WHAT TO WORK ON: Write the entries out again. Every character must match.

Collected data entries
Segment Open

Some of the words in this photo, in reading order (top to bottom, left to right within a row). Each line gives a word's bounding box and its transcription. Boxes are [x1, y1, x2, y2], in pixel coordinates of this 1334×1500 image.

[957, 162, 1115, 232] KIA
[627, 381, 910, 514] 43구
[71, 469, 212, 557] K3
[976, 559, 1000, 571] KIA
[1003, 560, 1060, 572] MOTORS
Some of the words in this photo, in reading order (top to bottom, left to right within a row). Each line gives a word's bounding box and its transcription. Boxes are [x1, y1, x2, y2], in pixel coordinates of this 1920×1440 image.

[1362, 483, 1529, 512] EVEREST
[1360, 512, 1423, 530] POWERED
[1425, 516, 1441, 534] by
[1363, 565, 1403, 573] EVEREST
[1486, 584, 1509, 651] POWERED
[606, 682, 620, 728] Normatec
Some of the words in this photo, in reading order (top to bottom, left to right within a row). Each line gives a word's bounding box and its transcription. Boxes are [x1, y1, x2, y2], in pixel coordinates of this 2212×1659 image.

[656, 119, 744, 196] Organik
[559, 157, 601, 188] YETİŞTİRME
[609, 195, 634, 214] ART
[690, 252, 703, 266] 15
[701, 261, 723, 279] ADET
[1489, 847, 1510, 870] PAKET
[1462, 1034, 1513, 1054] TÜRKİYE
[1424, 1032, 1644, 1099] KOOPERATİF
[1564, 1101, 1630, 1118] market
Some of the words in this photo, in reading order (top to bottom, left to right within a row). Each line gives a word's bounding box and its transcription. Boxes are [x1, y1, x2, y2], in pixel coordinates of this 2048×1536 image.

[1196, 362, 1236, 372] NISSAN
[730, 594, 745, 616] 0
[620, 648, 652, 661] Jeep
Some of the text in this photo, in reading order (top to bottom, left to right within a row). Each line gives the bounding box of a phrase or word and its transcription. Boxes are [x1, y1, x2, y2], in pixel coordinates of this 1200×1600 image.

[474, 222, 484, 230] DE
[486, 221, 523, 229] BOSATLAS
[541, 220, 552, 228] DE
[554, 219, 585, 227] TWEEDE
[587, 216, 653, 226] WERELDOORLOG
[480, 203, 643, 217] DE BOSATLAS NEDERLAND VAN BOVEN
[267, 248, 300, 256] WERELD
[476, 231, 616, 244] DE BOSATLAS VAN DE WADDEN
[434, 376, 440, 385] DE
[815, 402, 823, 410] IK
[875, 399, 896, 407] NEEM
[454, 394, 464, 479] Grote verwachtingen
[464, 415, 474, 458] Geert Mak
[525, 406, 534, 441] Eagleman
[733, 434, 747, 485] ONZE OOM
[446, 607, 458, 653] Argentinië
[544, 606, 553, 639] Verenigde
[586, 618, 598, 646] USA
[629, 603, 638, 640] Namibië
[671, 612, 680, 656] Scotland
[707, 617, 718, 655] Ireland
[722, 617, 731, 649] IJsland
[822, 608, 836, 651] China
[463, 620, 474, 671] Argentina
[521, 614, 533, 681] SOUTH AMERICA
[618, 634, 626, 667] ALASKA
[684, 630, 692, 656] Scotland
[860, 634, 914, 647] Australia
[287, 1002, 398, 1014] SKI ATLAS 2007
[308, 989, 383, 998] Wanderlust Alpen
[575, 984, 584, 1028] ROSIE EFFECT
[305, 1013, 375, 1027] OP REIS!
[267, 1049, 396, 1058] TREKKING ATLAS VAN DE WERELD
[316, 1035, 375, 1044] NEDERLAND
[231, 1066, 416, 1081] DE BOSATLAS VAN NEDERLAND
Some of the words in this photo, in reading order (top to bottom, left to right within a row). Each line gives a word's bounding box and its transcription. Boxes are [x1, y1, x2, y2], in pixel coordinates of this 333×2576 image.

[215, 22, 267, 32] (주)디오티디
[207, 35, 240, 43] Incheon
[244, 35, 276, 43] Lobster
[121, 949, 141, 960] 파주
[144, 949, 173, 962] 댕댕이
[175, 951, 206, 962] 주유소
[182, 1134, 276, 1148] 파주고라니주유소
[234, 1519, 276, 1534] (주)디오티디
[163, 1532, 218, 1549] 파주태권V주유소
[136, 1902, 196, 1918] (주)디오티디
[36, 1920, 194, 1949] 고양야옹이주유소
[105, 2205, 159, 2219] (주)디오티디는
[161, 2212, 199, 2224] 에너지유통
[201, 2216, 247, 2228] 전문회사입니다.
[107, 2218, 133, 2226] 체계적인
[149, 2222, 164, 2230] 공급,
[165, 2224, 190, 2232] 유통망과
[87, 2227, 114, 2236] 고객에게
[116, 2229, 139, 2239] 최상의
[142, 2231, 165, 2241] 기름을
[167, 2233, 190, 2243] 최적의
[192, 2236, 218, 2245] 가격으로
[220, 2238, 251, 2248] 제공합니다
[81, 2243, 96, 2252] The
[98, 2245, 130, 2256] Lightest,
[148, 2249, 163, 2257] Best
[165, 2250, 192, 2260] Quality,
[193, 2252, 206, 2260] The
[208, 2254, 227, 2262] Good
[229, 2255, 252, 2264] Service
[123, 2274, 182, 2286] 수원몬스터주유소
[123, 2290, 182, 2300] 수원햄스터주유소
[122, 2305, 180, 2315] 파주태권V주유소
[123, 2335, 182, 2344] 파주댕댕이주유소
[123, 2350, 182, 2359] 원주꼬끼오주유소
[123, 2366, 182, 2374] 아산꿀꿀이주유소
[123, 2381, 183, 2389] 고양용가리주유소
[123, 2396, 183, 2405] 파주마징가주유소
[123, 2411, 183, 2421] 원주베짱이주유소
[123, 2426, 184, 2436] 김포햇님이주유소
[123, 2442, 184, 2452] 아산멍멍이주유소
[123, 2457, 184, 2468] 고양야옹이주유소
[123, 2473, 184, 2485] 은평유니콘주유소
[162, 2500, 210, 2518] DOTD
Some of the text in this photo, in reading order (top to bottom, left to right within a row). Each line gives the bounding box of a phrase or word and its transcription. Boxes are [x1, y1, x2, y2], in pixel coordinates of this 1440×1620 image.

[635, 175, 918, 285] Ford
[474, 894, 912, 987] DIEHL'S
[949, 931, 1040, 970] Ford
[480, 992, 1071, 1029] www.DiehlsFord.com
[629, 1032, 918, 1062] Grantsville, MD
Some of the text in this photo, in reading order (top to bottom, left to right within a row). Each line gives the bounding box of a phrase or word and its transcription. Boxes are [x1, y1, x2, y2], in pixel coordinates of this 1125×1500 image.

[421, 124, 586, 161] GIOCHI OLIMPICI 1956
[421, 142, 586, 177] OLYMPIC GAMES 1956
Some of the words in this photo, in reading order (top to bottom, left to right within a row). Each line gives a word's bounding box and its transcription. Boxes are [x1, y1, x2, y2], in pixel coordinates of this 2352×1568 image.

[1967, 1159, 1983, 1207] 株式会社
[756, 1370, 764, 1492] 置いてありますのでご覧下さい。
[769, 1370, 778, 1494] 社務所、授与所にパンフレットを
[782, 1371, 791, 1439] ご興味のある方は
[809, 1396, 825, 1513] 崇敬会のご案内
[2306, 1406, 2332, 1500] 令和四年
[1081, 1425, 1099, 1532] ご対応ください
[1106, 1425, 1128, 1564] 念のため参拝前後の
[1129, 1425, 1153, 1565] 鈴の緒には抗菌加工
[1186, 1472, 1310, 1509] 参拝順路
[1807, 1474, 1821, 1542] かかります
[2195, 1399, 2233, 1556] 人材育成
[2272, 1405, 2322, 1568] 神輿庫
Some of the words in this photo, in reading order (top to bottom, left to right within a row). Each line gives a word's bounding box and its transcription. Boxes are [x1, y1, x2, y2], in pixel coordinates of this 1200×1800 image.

Segment Closed

ANSWER FOR THE TASK:
Some of the words in this photo, in reading order (top to bottom, left to right within a row). Each line gives a word's bounding box and its transcription. Boxes are [x1, y1, x2, y2], in pixel coordinates of this 1334×1500 image.

[957, 162, 1115, 232] KIA
[627, 381, 910, 514] 43구
[71, 469, 212, 557] K3
[976, 559, 1000, 571] KIA
[1003, 560, 1060, 572] MOTORS
Some of the words in this photo, in reading order (top to bottom, left to right within a row). Each line gives a word's bounding box and its transcription. Boxes are [x1, y1, x2, y2], in pixel coordinates of this 1920×1440 image.

[1362, 483, 1529, 512] EVEREST
[1360, 512, 1423, 530] POWERED
[1425, 516, 1441, 534] by
[1363, 565, 1403, 573] EVEREST
[1486, 584, 1509, 651] POWERED
[606, 682, 620, 728] Normatec
Some of the words in this photo, in reading order (top to bottom, left to right within a row). Each line gives a word's bounding box and its transcription. Boxes are [x1, y1, x2, y2], in pixel coordinates of this 2212×1659 image.

[656, 119, 744, 196] Organik
[559, 157, 601, 188] YETİŞTİRME
[609, 195, 634, 214] ART
[690, 252, 703, 266] 15
[701, 261, 723, 279] ADET
[1489, 847, 1510, 870] PAKET
[1462, 1034, 1513, 1054] TÜRKİYE
[1424, 1032, 1644, 1099] KOOPERATİF
[1564, 1101, 1630, 1118] market
Some of the words in this photo, in reading order (top to bottom, left to right within a row). Each line gives a word's bounding box and its transcription. Boxes are [x1, y1, x2, y2], in pixel coordinates of this 2048×1536 image.

[1196, 362, 1236, 372] NISSAN
[730, 594, 745, 616] 0
[620, 648, 652, 661] Jeep
Some of the text in this photo, in reading order (top to bottom, left to right within a row). Each line gives the bounding box of a phrase or word and its transcription. Boxes are [x1, y1, x2, y2], in pixel coordinates of this 1200×1600 image.

[474, 222, 484, 230] DE
[486, 221, 523, 229] BOSATLAS
[541, 220, 552, 228] DE
[554, 219, 585, 227] TWEEDE
[587, 216, 653, 226] WERELDOORLOG
[480, 203, 643, 217] DE BOSATLAS NEDERLAND VAN BOVEN
[267, 248, 300, 256] WERELD
[476, 231, 616, 244] DE BOSATLAS VAN DE WADDEN
[434, 376, 440, 385] DE
[815, 402, 823, 410] IK
[875, 399, 896, 407] NEEM
[454, 394, 464, 479] Grote verwachtingen
[464, 415, 474, 458] Geert Mak
[525, 406, 534, 441] Eagleman
[733, 434, 747, 485] ONZE OOM
[446, 607, 458, 653] Argentinië
[544, 606, 553, 639] Verenigde
[586, 618, 598, 646] USA
[629, 603, 638, 640] Namibië
[671, 612, 680, 656] Scotland
[707, 617, 718, 655] Ireland
[722, 617, 731, 649] IJsland
[822, 608, 836, 651] China
[463, 620, 474, 671] Argentina
[521, 614, 533, 681] SOUTH AMERICA
[618, 634, 626, 667] ALASKA
[684, 630, 692, 656] Scotland
[860, 634, 914, 647] Australia
[287, 1002, 398, 1014] SKI ATLAS 2007
[308, 989, 383, 998] Wanderlust Alpen
[575, 984, 584, 1028] ROSIE EFFECT
[305, 1013, 375, 1027] OP REIS!
[267, 1049, 396, 1058] TREKKING ATLAS VAN DE WERELD
[316, 1035, 375, 1044] NEDERLAND
[231, 1066, 416, 1081] DE BOSATLAS VAN NEDERLAND
Some of the words in this photo, in reading order (top to bottom, left to right within a row). Each line gives a word's bounding box and its transcription. Boxes are [x1, y1, x2, y2], in pixel coordinates of this 333×2576 image.

[215, 22, 267, 32] (주)디오티디
[207, 35, 240, 43] Incheon
[244, 35, 276, 43] Lobster
[121, 949, 141, 960] 파주
[144, 949, 173, 962] 댕댕이
[175, 951, 206, 962] 주유소
[182, 1134, 276, 1148] 파주고라니주유소
[234, 1519, 276, 1534] (주)디오티디
[163, 1532, 218, 1549] 파주태권V주유소
[136, 1902, 196, 1918] (주)디오티디
[36, 1920, 194, 1949] 고양야옹이주유소
[105, 2205, 159, 2219] (주)디오티디는
[161, 2212, 199, 2224] 에너지유통
[201, 2216, 247, 2228] 전문회사입니다.
[107, 2218, 133, 2226] 체계적인
[149, 2222, 164, 2230] 공급,
[165, 2224, 190, 2232] 유통망과
[87, 2227, 114, 2236] 고객에게
[116, 2229, 139, 2239] 최상의
[142, 2231, 165, 2241] 기름을
[167, 2233, 190, 2243] 최적의
[192, 2236, 218, 2245] 가격으로
[220, 2238, 251, 2248] 제공합니다
[81, 2243, 96, 2252] The
[98, 2245, 130, 2256] Lightest,
[148, 2249, 163, 2257] Best
[165, 2250, 192, 2260] Quality,
[193, 2252, 206, 2260] The
[208, 2254, 227, 2262] Good
[229, 2255, 252, 2264] Service
[123, 2274, 182, 2286] 수원몬스터주유소
[123, 2290, 182, 2300] 수원햄스터주유소
[122, 2305, 180, 2315] 파주태권V주유소
[123, 2335, 182, 2344] 파주댕댕이주유소
[123, 2350, 182, 2359] 원주꼬끼오주유소
[123, 2366, 182, 2374] 아산꿀꿀이주유소
[123, 2381, 183, 2389] 고양용가리주유소
[123, 2396, 183, 2405] 파주마징가주유소
[123, 2411, 183, 2421] 원주베짱이주유소
[123, 2426, 184, 2436] 김포햇님이주유소
[123, 2442, 184, 2452] 아산멍멍이주유소
[123, 2457, 184, 2468] 고양야옹이주유소
[123, 2473, 184, 2485] 은평유니콘주유소
[162, 2500, 210, 2518] DOTD
Some of the text in this photo, in reading order (top to bottom, left to right within a row). Each line gives the bounding box of a phrase or word and its transcription. Boxes are [x1, y1, x2, y2], in pixel coordinates of this 1440×1620 image.

[635, 175, 918, 285] Ford
[474, 894, 912, 987] DIEHL'S
[949, 931, 1040, 970] Ford
[480, 992, 1071, 1029] www.DiehlsFord.com
[629, 1032, 918, 1062] Grantsville, MD
Some of the text in this photo, in reading order (top to bottom, left to right within a row). Each line gives the bounding box of a phrase or word and its transcription. Boxes are [x1, y1, x2, y2], in pixel coordinates of this 1125×1500 image.

[421, 124, 586, 161] GIOCHI OLIMPICI 1956
[421, 142, 586, 177] OLYMPIC GAMES 1956
Some of the words in this photo, in reading order (top to bottom, left to right within a row). Each line gives a word's bounding box and its transcription. Boxes are [x1, y1, x2, y2], in pixel coordinates of this 2352×1568 image.

[1967, 1159, 1983, 1207] 株式会社
[756, 1370, 764, 1492] 置いてありますのでご覧下さい。
[769, 1370, 778, 1494] 社務所、授与所にパンフレットを
[782, 1371, 791, 1439] ご興味のある方は
[809, 1396, 825, 1513] 崇敬会のご案内
[2306, 1406, 2332, 1500] 令和四年
[1081, 1425, 1099, 1532] ご対応ください
[1106, 1425, 1128, 1564] 念のため参拝前後の
[1129, 1425, 1153, 1565] 鈴の緒には抗菌加工
[1186, 1472, 1310, 1509] 参拝順路
[1807, 1474, 1821, 1542] かかります
[2195, 1399, 2233, 1556] 人材育成
[2272, 1405, 2322, 1568] 神輿庫
Some of the words in this photo, in reading order (top to bottom, left to right within a row). Each line gives a word's bounding box and its transcription. Boxes are [x1, y1, x2, y2], in pixel coordinates of this 1200×1800 image.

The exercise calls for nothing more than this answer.